Companion of Muhammad and Arabic poet

Tumāḍir bint ʿAmr ibn al-Ḥārith ibn al-Sharīd al-Sulamīyah (تماضر بنت عمرو بن الحارث بن الشريد السُلمية), usually simply referred to as al-Khansāʾ (الخنساء, meaning "snub-nosed", an Arabic epithet for a gazelle as metaphor for beauty) was a 7th-century tribeswoman, living in the Arabian Peninsula. She was one of the most influential poets of the pre-Islamic and early Islamic periods.

In her time, the role of a female poet was to write elegies for the dead and perform them for the tribe in public oral competitions. Al-Khansāʾ won respect and fame in these competitions with her elegies, and is widely considered as the finest author of Arabic elegies and one of the greatest and best known female Arab poets of all time. In 629, she went to Medina with a deputation from her clan and, after meeting the Islamic prophet Muhammad, embraced the new religion. Her poetry was later recorded by Muslim scholars, who were studying unaltered Arabic of her time in order to explicate the language of early Islamic texts.

==Life==
Al-Khansāʾ was born and raised in the Najd in the Arabian Peninsula into a wealthy family of the tribe of Sulaym, and was the daughter of the head of the al-Sharid clan. According to both contemporary as well as later judgement, she was the most powerful female poet of her time. In pre-Islamic society, the role of a female poet, such as al-Khansā’, was to compose elegies for the tribesmen who fell in the battlefield. Her extraordinary fame rests mainly on her elegiac poetry composed for her two brothers, Sakhr and Mu‘āwiya, who were killed in tribal skirmishes of Banū Sulaym with Banū Murra and Banū Asad, predating Islam.
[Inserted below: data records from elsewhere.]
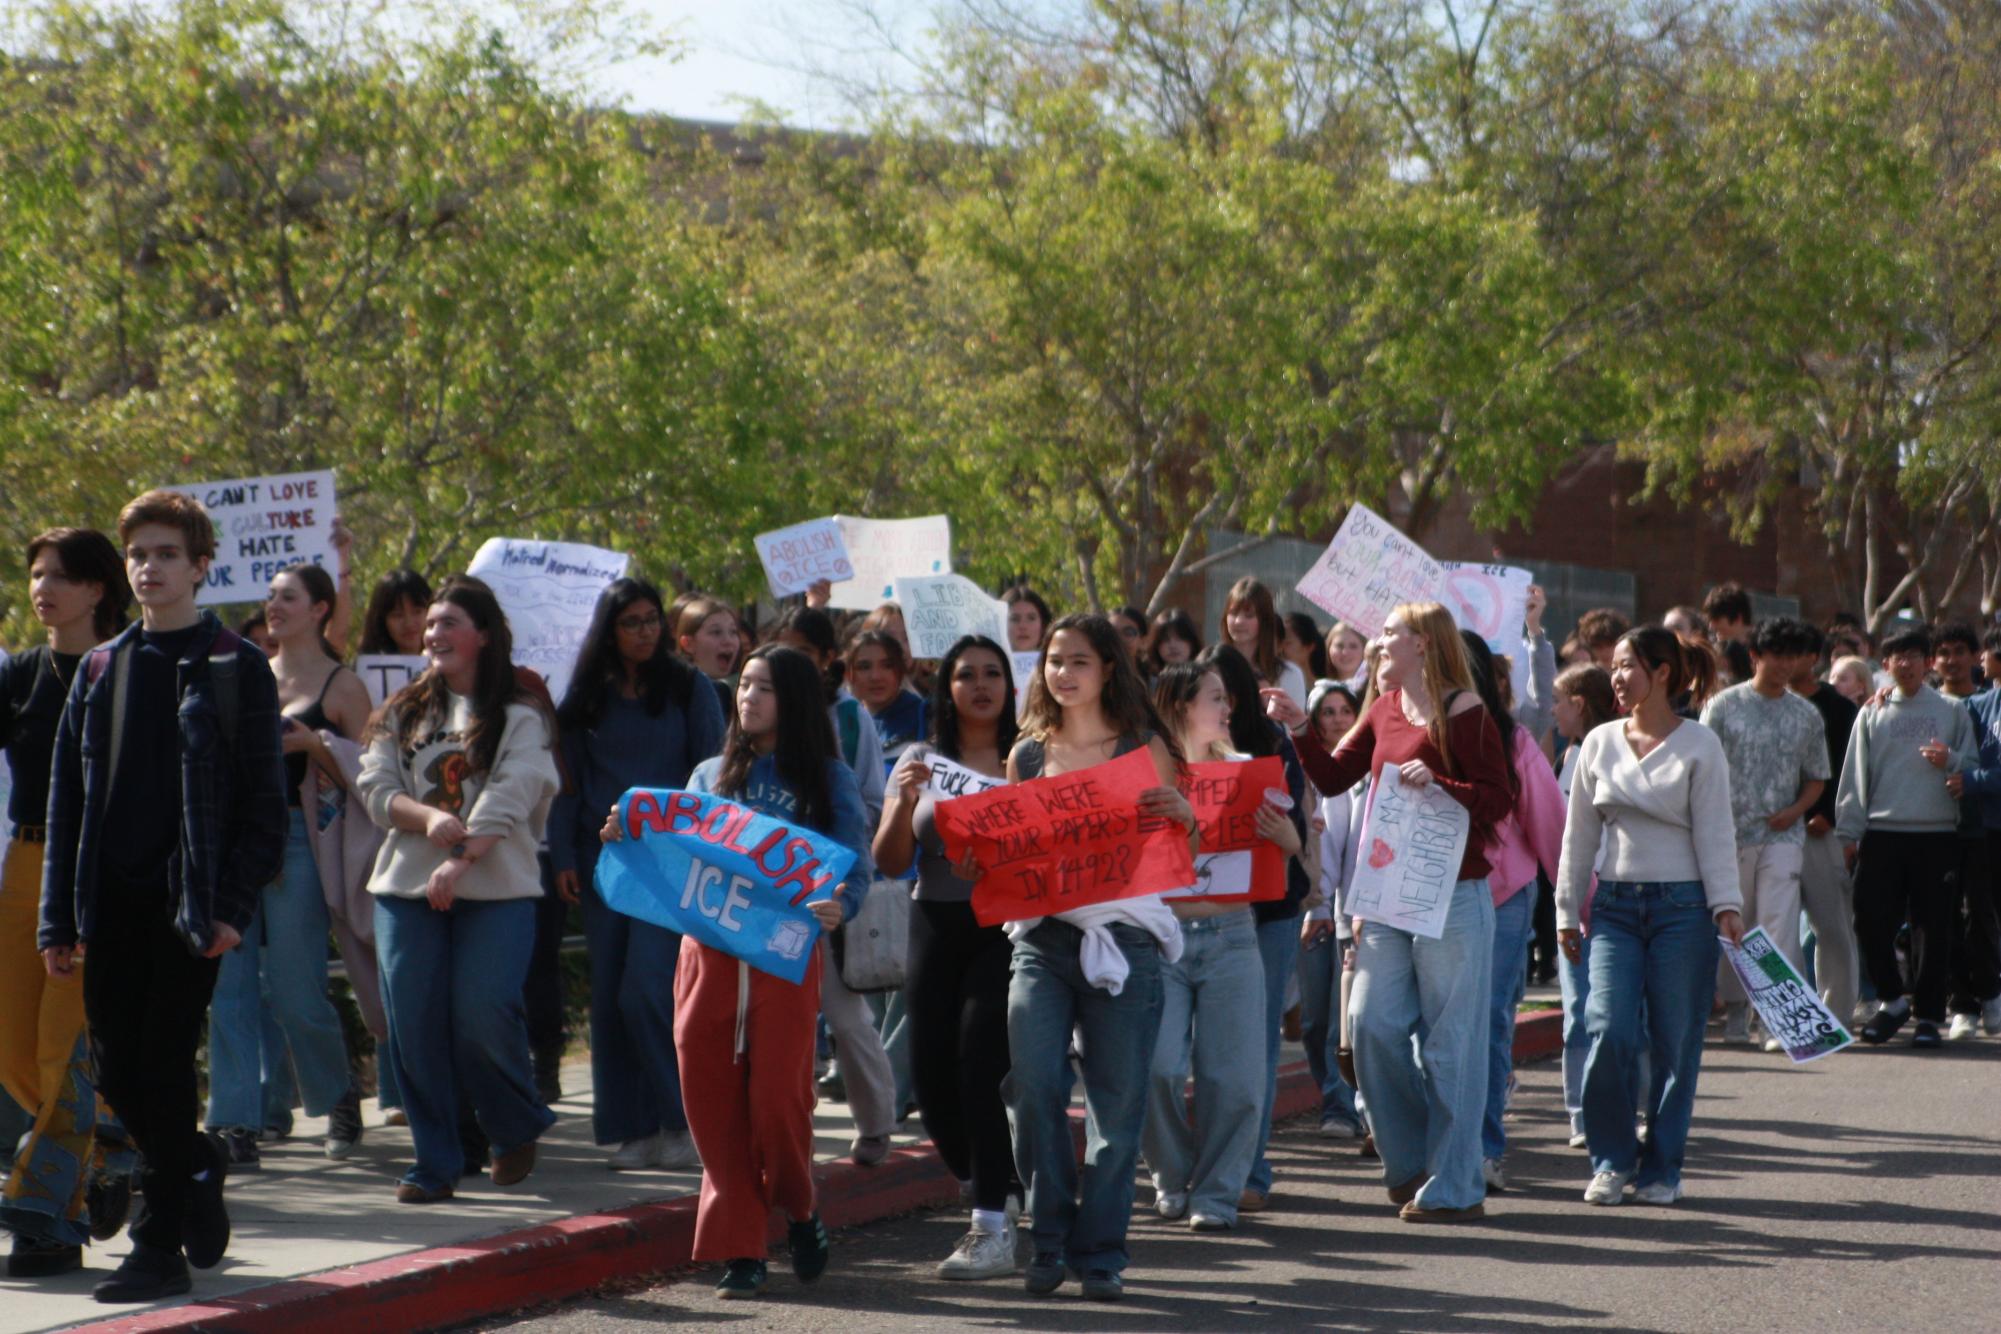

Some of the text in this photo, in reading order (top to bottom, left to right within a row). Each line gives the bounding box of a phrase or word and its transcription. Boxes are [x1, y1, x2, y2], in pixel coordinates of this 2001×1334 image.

[205, 480, 318, 509] CAN'T LOVE
[239, 535, 296, 557] HATE
[770, 531, 835, 565] ABOLISH
[207, 565, 235, 588] UR
[787, 556, 833, 579] ICE
[1366, 579, 1402, 609] HAT
[911, 609, 959, 631] AND
[956, 780, 1104, 837] WHERE WERE
[626, 790, 834, 907] ABOLISH
[993, 810, 1130, 860] YOUR PAPERS
[1014, 845, 1131, 902] IN 1492?
[679, 857, 754, 933] ICE
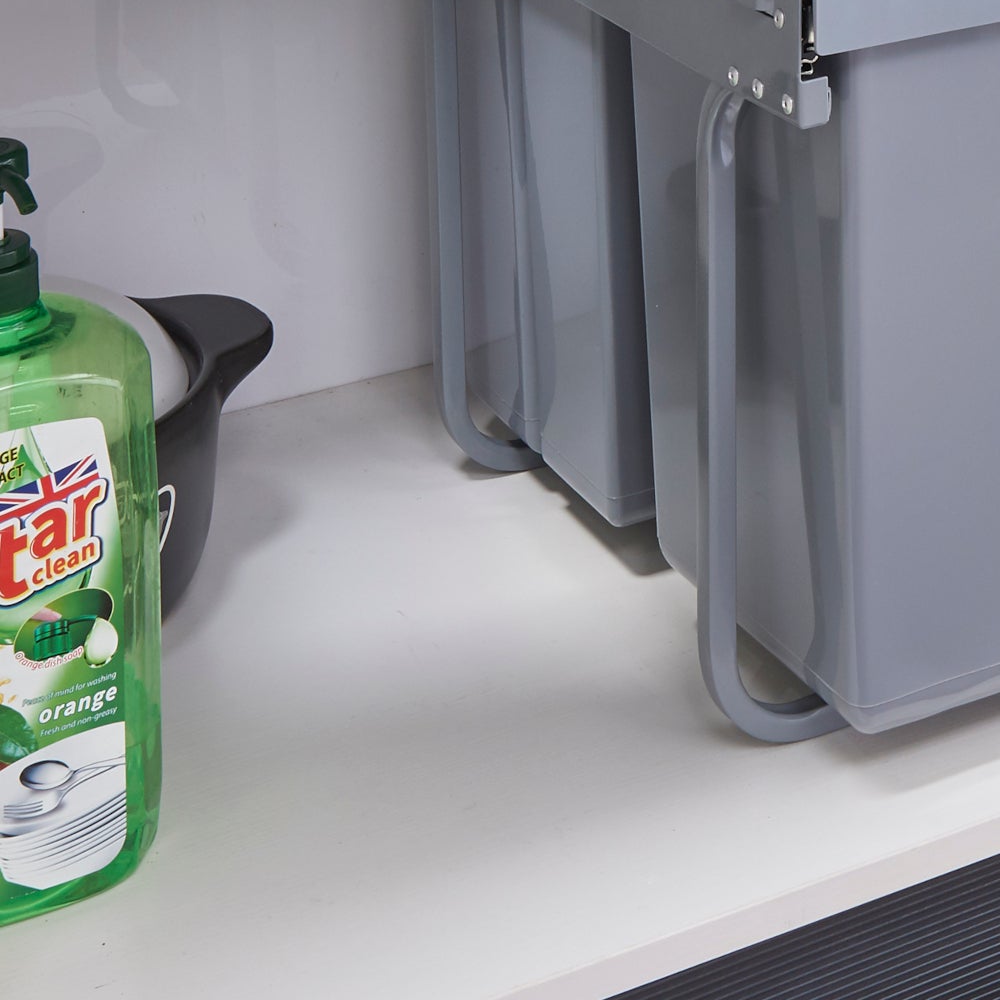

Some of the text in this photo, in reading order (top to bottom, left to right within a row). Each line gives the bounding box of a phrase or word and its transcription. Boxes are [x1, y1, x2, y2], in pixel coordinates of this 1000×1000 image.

[32, 540, 96, 586] clean
[44, 656, 63, 669] dish
[63, 646, 83, 663] soap
[54, 684, 75, 697] mind
[75, 681, 86, 691] for
[86, 671, 117, 688] washing
[38, 686, 118, 724] orange
[40, 706, 118, 737] Fresh and non-greasy
In 612, her brother Muʿawiyah was killed by members of another tribe. Al-Khansāʾ insisted that her brother, Ṣakhr, avenge Muʿawiyah's death, which he did. Ṣakhr was wounded in the process and died of his wounds a year later. Al-Khansāʾ mourned her two brothers' deaths in poetry, writing over a hundred elegies about the two of them alone, and began to gain fame for her elegiac compositions, especially due to her powerful recitals. The contemporary Arab poet al-Nabigha said to her, "You are the finest poet of the jinn and the humans." (إنك أشعر الجن والإنس). Similarly, another anecdote says that al-Nabigha told al-Khansāʾ, "If Abu Basir had not already recited to me, I would have said that you are the greatest poet of the Arabs. Go, for you are the greatest poet among those with breasts". She responded by saying, "I'm the greatest poet among those with testicles, too".

She was a contemporary of Muhammad, and eventually converted to Islam. It is said that Muhammad would ask her to recite some of her poetry for him, and he would love listening to her. Whenever she paused after a recital, he would gesture her to keep going and say, "Go on, Khunās!" Muhammad even rated al-Khansāʾ over Imru' al-Qais, the most famous poet of the classical Arabic tradition, as the one with greater poetic abilities.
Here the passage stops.